With the AHA/ACC and ADA guidelines at odds, it is valuable to review the rationale for treatment to improve HDL-C levels in people with IR or T2DM. First, there is evidence from numerous epidemiologic studies in which low HDL-C is an independent predictor of CHD morbidity and mortality, including studies involving large numbers of people with IR or T2DM [64]. Second, evidence from prospective intervention trials and secondary analyses has suggested a benefit of raising HDL-C levels on the risk of CHD events, independent of changes in other lipid and nonlipid risk factors [65]. Of note, a post hoc analysis of the Bezafibrate Infarction Prevention (BIP) Study focusing on the subgroup of participants with the MetS revealed a reduced incidence in MI associated with significant improvements in HDL-C and TG levels [66]. Furthermore, in that analysis a cardiac mortality benefit was demonstrated among subjects having “augmented” (i.e., four or five) features of The MetS, as defined by the ATP III. In VA-HIT, where increases in HDL-C were predictive of reductions in CV endpoints in the group treated with gemfibrozil [65], the greatest overall benefit of treatment was observed in subgroups with IR, with or without T2DM[67]. On the other hand, the recent negative niacin trials, Aim High [59] and HPS2-THRIVE, do not support the use of adding niacin to statin therapy.
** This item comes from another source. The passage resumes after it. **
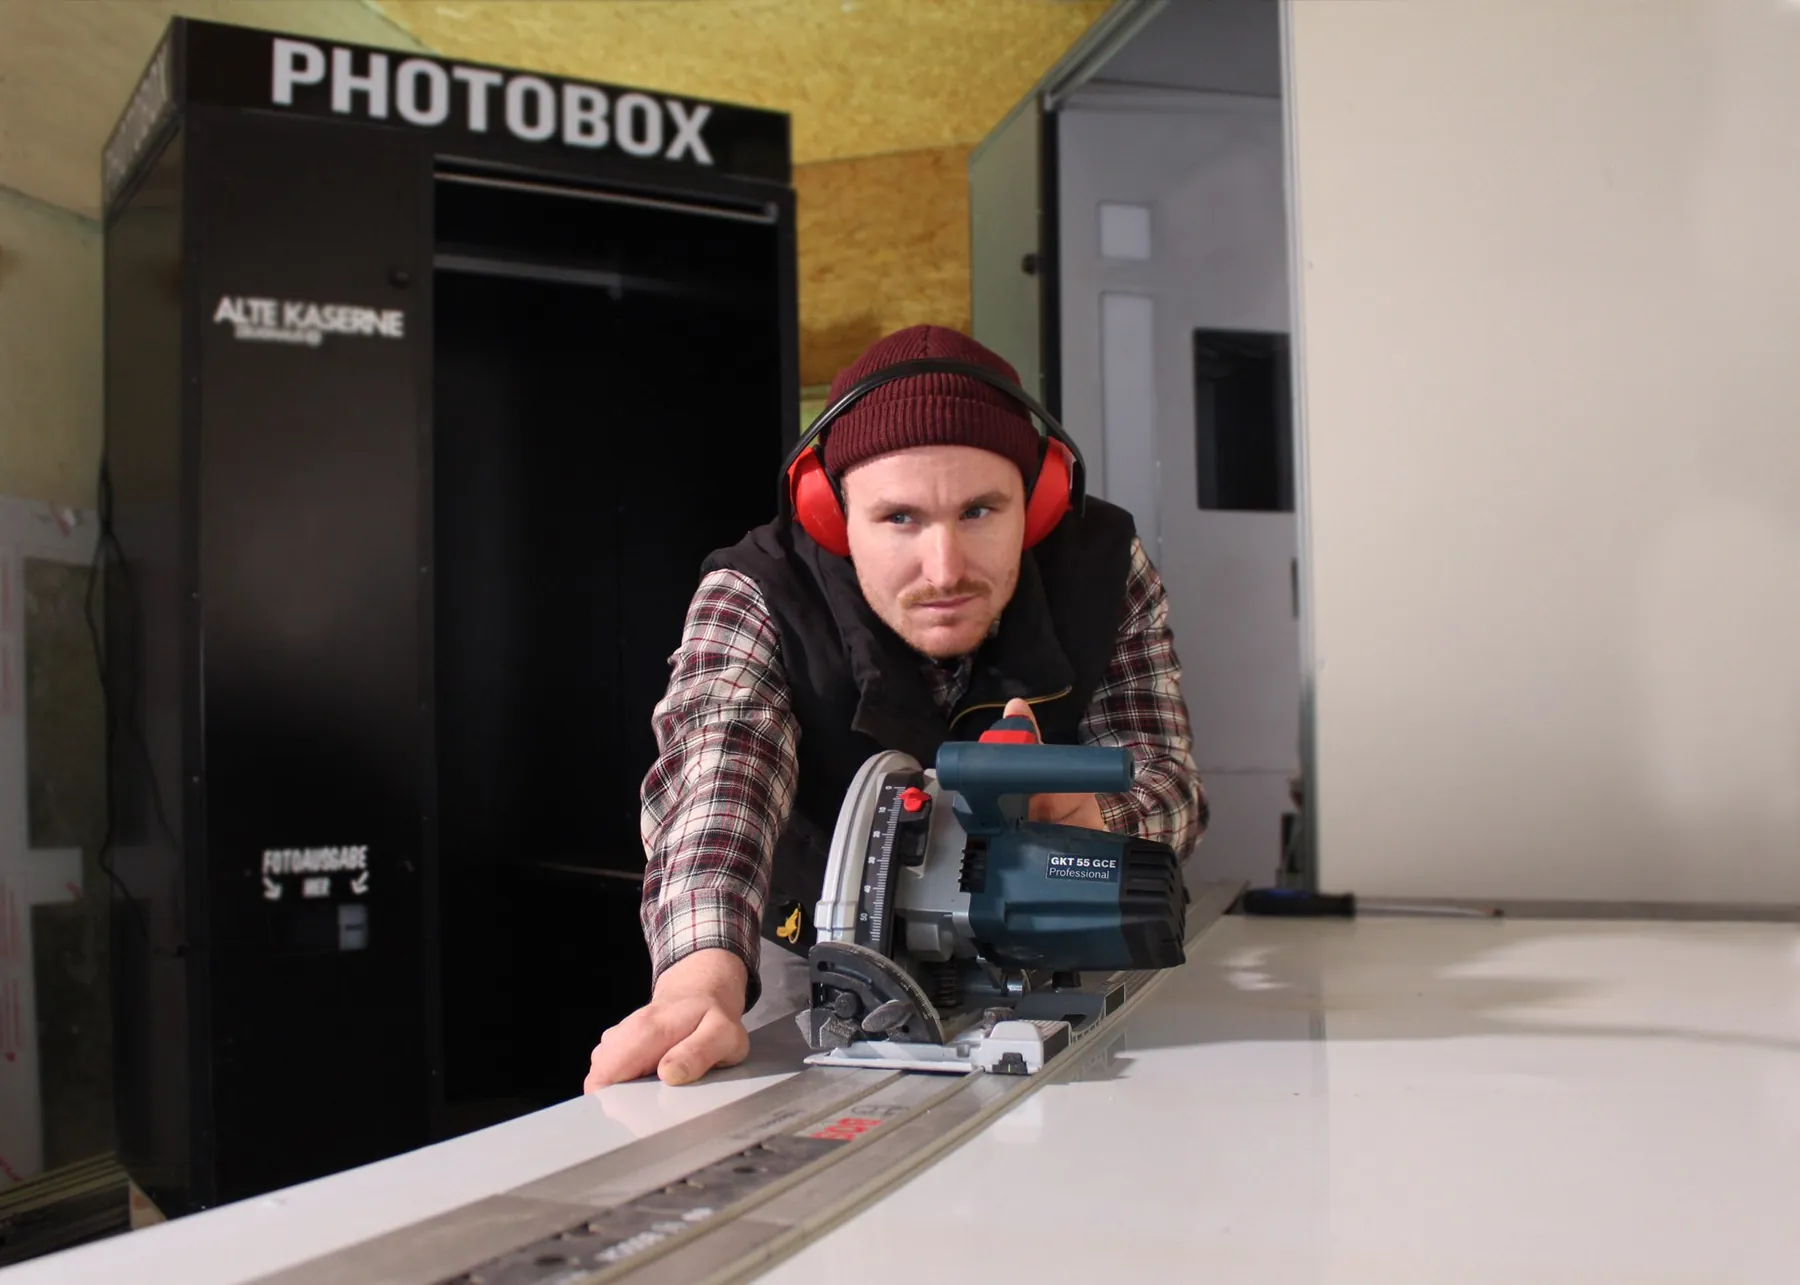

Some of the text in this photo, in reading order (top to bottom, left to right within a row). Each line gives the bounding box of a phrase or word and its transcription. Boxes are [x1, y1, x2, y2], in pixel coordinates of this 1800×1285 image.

A subgroup, post hoc analysis of Aim High did suggest, nonsignificantly, that participants with high TG and low HDL-C at baseline did benefit [68].

Data regarding the independent effects of plasma TG levels on CHD risk are even more controversial, partly due to the close interrelationships between levels of TGs and the atherogenic apo B-containing lipoproteins. TG levels have nevertheless been shown to predict CHD risk in observational studies [69]. However, in the largest cohort study to date, Danesh and colleagues found that while TG was a strong predictor of CVD outcomes in more than 300,000 people, it lost all predictive power after adjustments for both HDL and non-HDL cholesterol [70].

One could argue, however, that adjustment for non-HDL, which contains cholesterol carried in TG-rich lipoprotein, is not a valid approach. In several clinical trials, stratification of individuals by TG and HDL-C levels has revealed higher risk subgroups with dyslipidemia that have benefited most from LDL-C-lowering interventions with respect to CHD risk reduction [71]. The FIELD Trial, in which 10,000 diabetics were randomized to placebo or fenofibrate, did not show an overall CVD benefit for the fenofibrate-treated group. However, a subgroup with baseline TG over 200 mgdL−1 and HDL-C less than 40mg dL−1 showed a 30% reduction in the combined primary endpoint of CAD death and nonfatal myocardial infarction [72]. Similarly, in the ACCORD Lipid Trial, which was negative overall, 17% of the subjects with baseline TG in the upper tertile (>200mg dL−1) and HDL-C in the lower tertile (<34mg dL−1) had a 28% reduction in the primary endpoint of nonfatal myocardial infarction, nonfatal stroke, and CVD death [60]. On the other hand, no clinical trials thus far have demonstrated an independent relationship between TG-lowering and CHD risk reduction, including VA-HIT, where TG levels fell 31%.

As mentioned earlier, it is worth noting that postprandial lipemia has been associated with CAD in individuals without DM, whereas the evidence is less convincing or absent in individuals with IR or DM[7].Data from two cross-sectional studies do not support an association between postprandial lipemia and the presence of CAD among people with T2DM [12].

Another small study suggests that postprandial numbers of small remnant particles may contribute to the severity of angiographic CAD in T2DM [73]. Larger prospective studies are needed before recommendations can be made regarding the potential utility of postprandial hyperlipidemia as a predictor of CV risk in IR or DM. This, along with the lack of simple, clinically useful uniform measures of postprandial lipemia, explains the lack of guidelines for therapy of postprandial hyperlipidemia.